Disney’s film entertainment division really need not turn all their past animated hits to live-action spectacles. That said, Dumbo is the latest and while it looks terrific in a post-World War I America setting, none of the backstories matters. Holt Farrier (Colin Farrell) comes home to his two kids, Milly (Nico Parker) and Joe (Finley Hobbins) who have been living at the circus. Prior to being sent off to fight for his country, the father was part of a circus act–a headliner.
Before anyone can yell, “It’s showtime!” enter the elephant’s mother and the birth of a big-eared baby pachyderm. The CGI is decent, but the emotional performance is hit and miss. Unlike Gollum, and other animated critters, who have graced cinema in the past, to convey fear and grief is only as good as understanding the creature itself.
I was more interested in the predicament the Medici circus troupe are in. Given the pre-depression era, not all the world building exists to make me wonder how the close-knit family of circus performers, including the Farriers, are faring in those difficult times. They certainly look out for one another when it matters. The impossible is possible in Dreamland (a dark mirror of Disneyland). This identity which V. A. Vandevere (Michael Keaton) is wonderfully slick at masterminding is an echo of what Max Medici (Danny DeVito) was considering in the first act. Both want to exploit Dumbo’s ability to fly.
Had the story diverted to finding Dumbo’s herd and capturing more, I would be hooked. Technically, this era was one of exploration and such practices were not unheard of. I can imagine Tarzan returning. Does Disney need a shared universe? No, but to connect unrelated dots would have at least made keeping up with the live-action films far more interesting than inspired by or a frame by frame remake.
Bringing DeVito and Keaton to this film is the only great part of the film. Their sleazy characters come to life and I enjoyed seeing Medici redeem himself. Milly and Joe tend to dote on Dumbo more than to inspire. Milly’s subplot of being a pioneering scientist is largely ignored. When it does matter, it has no point in the story and it becomes more of a footnote to encourage youths seeing this film to never give up on their dreams.
The principal plot has its moments. To answer why Dumbo matters is in how everyone, be it human or animal, who comes together stays together. True to the pack behaviour of this mammal, elephants form deep family bonds and this aspect of the film is perhaps the main reason why this take exists. To reunite the child with mama is important, and to find her mishandled is barely enough to start the animal rights movements back then, but I digress.
The latter half of this film is better when Tim Burton gets to ply his trademark visual style. The art direction and the set designs when everyone is in Dreamland is very much Burtonesque. He excels more with adding the gothic to any work he’s tasked to create. I have to ask how he got away with making a clear critique of the bosses who hired him to make this film.

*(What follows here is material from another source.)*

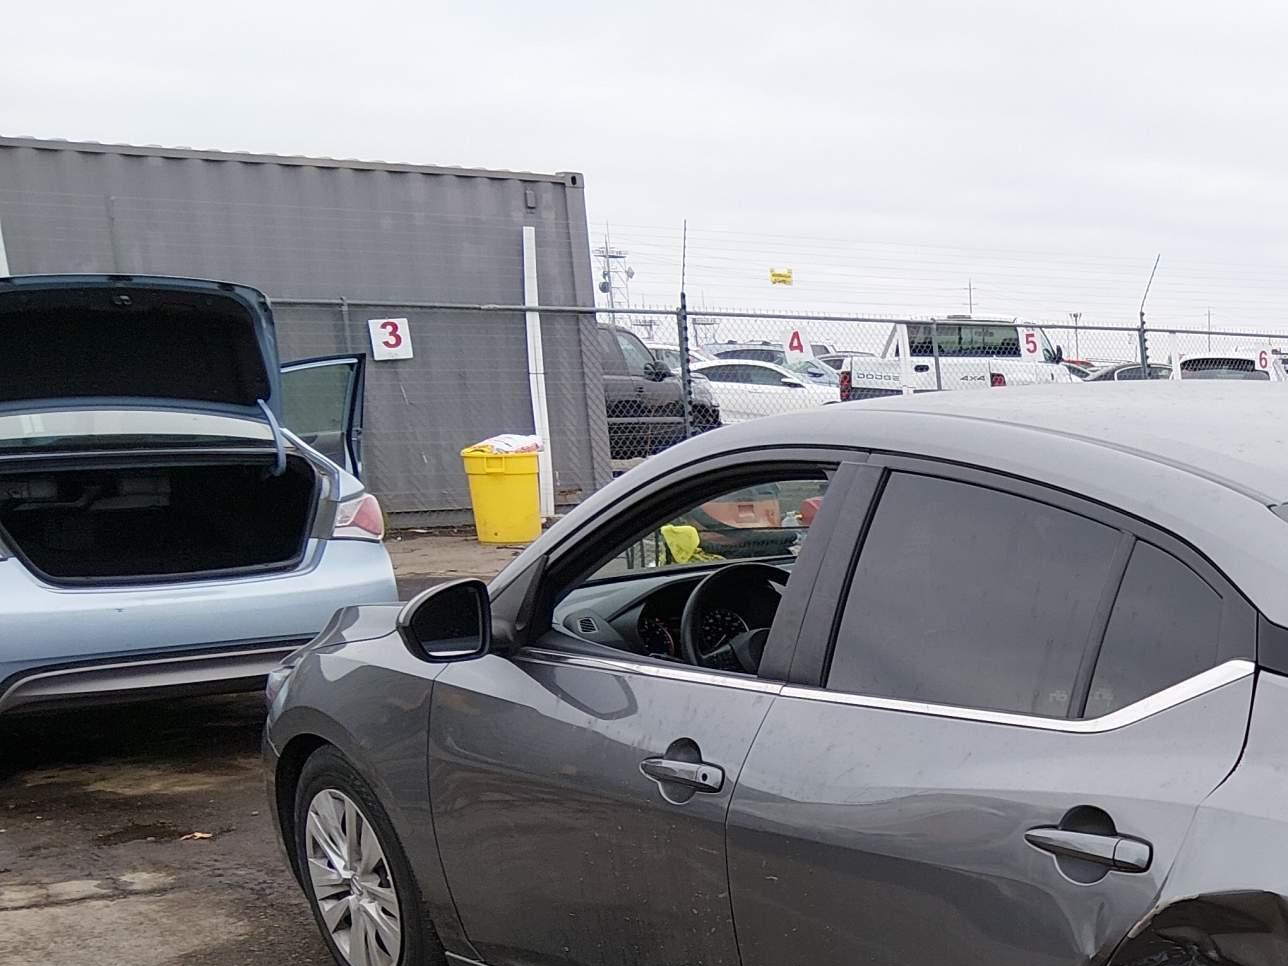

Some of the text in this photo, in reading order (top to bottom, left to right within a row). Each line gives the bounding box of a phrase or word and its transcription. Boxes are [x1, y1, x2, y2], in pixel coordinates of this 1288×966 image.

I also have the feeling of a lot of studio interference affected what went into the script and in what Burton wanted to put to film. The few nods to the original animated work had no place. On this list includes the mouse whom Dumbo befriends and the pink elephant ballet. As dreamy as the latter sequence was to create, it did little to amaze.
The only bits of story which I did like was with the era and the difficulties everyone had to face to remain strong. The odds were tough. At least happiness exists when the effort to overcome those obstacles is made.